J'accuse,Zola, lettre pamphlétaire, 1898

Définition

Un pamphlet est un court écrit satirique, qui attaque un adversaire, une situation, un parti politique ou une idée. C’est un texte agressif, violent et souvent bref. Il repose principalement sur la critique ; il fait parti du blâme. Les verbes employés sont violents ainsi que le ton utilisé. Ce caractère vif du pamphlet tient au fait que l’auteur à l’impression de détenir à lui seul la vérité. Il divulgue aux yeux de tout le monde le regard indigné qu’il porte sur le sujet abordé.
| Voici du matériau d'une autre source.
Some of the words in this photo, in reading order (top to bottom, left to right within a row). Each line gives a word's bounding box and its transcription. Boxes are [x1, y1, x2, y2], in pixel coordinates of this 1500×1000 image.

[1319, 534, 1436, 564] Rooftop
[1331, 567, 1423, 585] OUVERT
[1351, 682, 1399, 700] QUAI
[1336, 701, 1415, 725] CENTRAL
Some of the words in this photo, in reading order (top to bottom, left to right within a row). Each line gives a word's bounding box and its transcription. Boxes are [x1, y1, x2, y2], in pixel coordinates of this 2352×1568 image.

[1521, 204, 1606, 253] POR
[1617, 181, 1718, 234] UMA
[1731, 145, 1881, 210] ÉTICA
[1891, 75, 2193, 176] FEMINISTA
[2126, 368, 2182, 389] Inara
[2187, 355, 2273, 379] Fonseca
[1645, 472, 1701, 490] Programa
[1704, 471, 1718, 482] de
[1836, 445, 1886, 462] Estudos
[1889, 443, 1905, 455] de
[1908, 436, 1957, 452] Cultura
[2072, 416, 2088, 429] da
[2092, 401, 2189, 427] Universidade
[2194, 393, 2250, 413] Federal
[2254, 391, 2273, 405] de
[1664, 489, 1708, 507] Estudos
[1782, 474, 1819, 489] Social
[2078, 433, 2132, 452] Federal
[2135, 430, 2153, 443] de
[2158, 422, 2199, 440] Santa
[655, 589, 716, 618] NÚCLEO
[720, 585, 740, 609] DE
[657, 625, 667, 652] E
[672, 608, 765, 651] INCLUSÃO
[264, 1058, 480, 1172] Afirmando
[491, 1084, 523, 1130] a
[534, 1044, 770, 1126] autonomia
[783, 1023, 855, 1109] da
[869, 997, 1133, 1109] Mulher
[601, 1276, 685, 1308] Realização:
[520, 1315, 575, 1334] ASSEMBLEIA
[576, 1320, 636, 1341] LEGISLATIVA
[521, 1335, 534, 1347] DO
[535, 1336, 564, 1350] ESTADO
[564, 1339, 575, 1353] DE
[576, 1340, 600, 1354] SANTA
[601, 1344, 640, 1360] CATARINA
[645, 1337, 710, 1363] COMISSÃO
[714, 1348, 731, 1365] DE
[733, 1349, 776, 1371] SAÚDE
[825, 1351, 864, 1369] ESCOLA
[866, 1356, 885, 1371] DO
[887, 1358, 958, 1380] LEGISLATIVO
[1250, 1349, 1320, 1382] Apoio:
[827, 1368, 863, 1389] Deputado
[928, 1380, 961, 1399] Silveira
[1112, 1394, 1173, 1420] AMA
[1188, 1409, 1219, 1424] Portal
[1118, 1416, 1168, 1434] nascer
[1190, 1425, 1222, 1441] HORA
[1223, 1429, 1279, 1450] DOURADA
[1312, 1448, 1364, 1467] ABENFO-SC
Le pamphlet peut se présenter sous différentes formes :

  • une poésie : comme par exemple Joyeuse vie dans le recueil Les Châtiments (1853) de Victor Hugo
  • un roman : comme par exemple celui de Jean Nocher Les Pamphlets atomiques (1947-1949)
  • un court récit : comme par exemple celui de l’Abbé Pierre Roullé (1664)
  • une lettre: comme par exemple J’accuse (1898) d’Émile Zola

Les caractéristiques du pamphlet

Le pamphlet est un genre littéraire à part entière dont le support est soit une brochure (un journal...) soit un livre. Nommé aussi libelle, il est rédigé, le plus souvent, par un seul auteur, qui en réaction avec l’actualité (par exemple le pamphlet J’accuse publié lors de l’affaire Dreyfus (1894-1906) utilise pour défendre ses arguments un ensemble de techniques rhétoriques et stylistiques.

On dégage ainsi plusieurs stratégies d’écriture :

  • l’attaque et la défense : procédé de la dévalorisation ou de la valorisation qui mettent en cause directement l’objet du débat.

Procédés utilisés : vocabulaire péjoratif, l’interpellation de l’adversaire, les termes injurieux et sarcastiques, etc. dans le cadre de l’attaque ; vocabulaire mélioratif, les adresses au locuteur, la louange et l’hyperbole dans le cadre de la défense.

  • l’indignation : l’auteur veut faire partager au lecteur les sentiments qu’il éprouve.

Procédés utilisés : les apostrophes au lecteur, les exclamations, les fausses questions, l’amplification, les superlatifs, les hyperboles et les anaphores.

  • l’ironie : permet de tourner l’adversaire en dérision. Elle crée une complicité avec le lecteur en dénonçant au second degré ce qui est jugé inacceptable.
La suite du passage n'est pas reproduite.